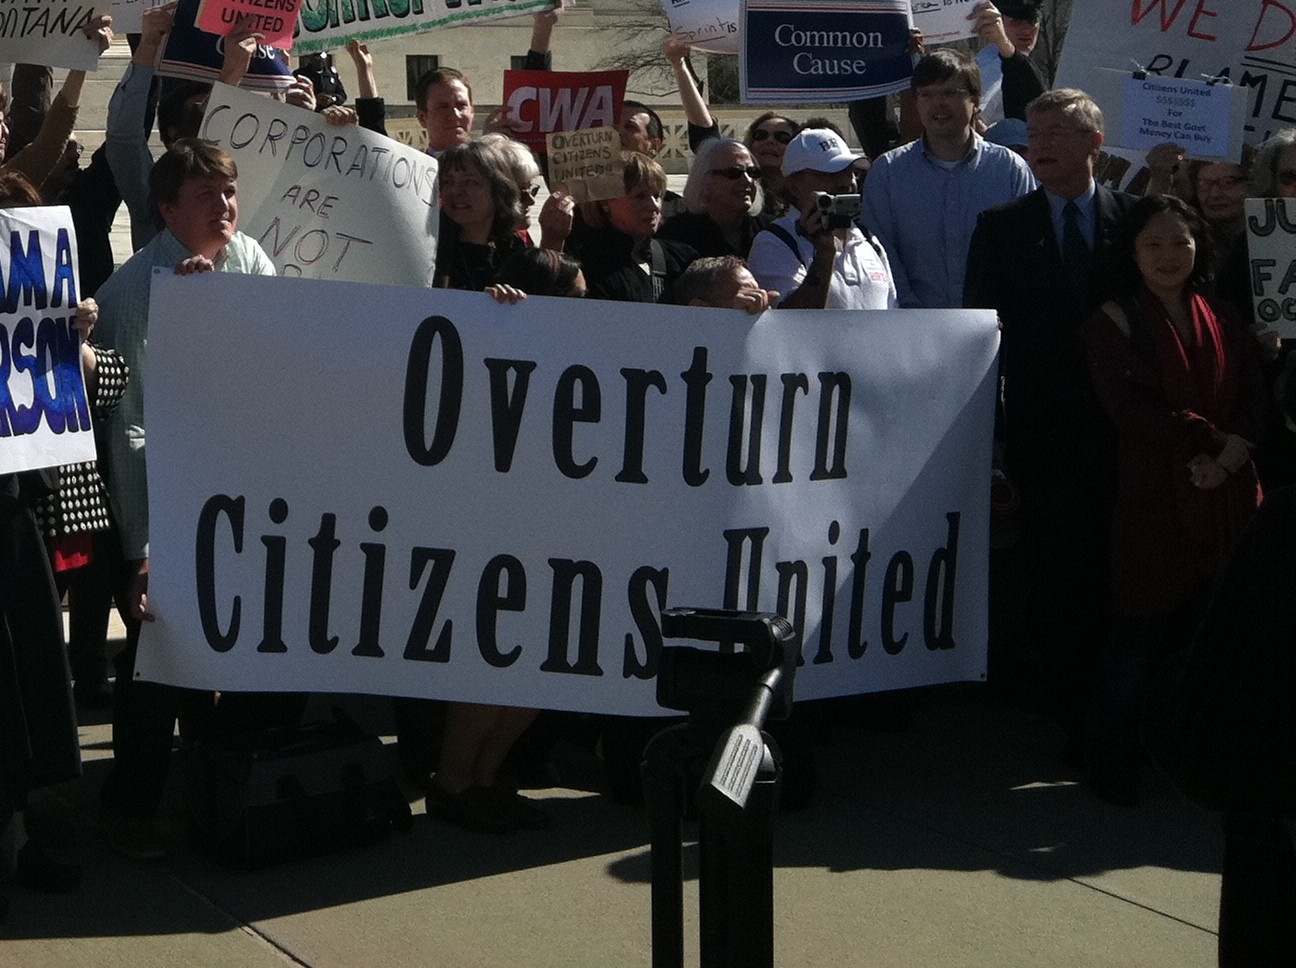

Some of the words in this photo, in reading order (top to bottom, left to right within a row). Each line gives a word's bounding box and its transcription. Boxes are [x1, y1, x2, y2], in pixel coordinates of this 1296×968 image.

[221, 8, 283, 32] UNTED
[774, 23, 883, 49] Common
[792, 52, 868, 75] Cause
[1143, 81, 1178, 94] Citizens
[1180, 86, 1212, 98] United
[506, 85, 614, 133] CWA
[1167, 108, 1184, 118] For
[1138, 127, 1172, 140] Money
[1174, 130, 1192, 141] Can
[1194, 132, 1213, 145] Buy
[1142, 118, 1160, 128] The
[1161, 119, 1182, 130] Best
[551, 132, 613, 150] OVERTURN
[203, 105, 440, 208] CORPORATIONS
[552, 146, 612, 165] CITIZENS
[280, 184, 340, 220] ARE
[258, 215, 374, 273] NOT
[51, 227, 79, 309] A
[403, 315, 852, 487] Overturn
[195, 493, 670, 680] Citizens

* [What is being asked] Leave out the pictures, then return every line of the data exactly.

* [Solved exercise]
Some of the words in this photo, in reading order (top to bottom, left to right within a row). Each line gives a word's bounding box and its transcription. Boxes are [x1, y1, x2, y2], in pixel coordinates of this 1296×968 image.

[221, 8, 283, 32] UNTED
[774, 23, 883, 49] Common
[792, 52, 868, 75] Cause
[1143, 81, 1178, 94] Citizens
[1180, 86, 1212, 98] United
[506, 85, 614, 133] CWA
[1167, 108, 1184, 118] For
[1138, 127, 1172, 140] Money
[1174, 130, 1192, 141] Can
[1194, 132, 1213, 145] Buy
[1142, 118, 1160, 128] The
[1161, 119, 1182, 130] Best
[551, 132, 613, 150] OVERTURN
[203, 105, 440, 208] CORPORATIONS
[552, 146, 612, 165] CITIZENS
[280, 184, 340, 220] ARE
[258, 215, 374, 273] NOT
[51, 227, 79, 309] A
[403, 315, 852, 487] Overturn
[195, 493, 670, 680] Citizens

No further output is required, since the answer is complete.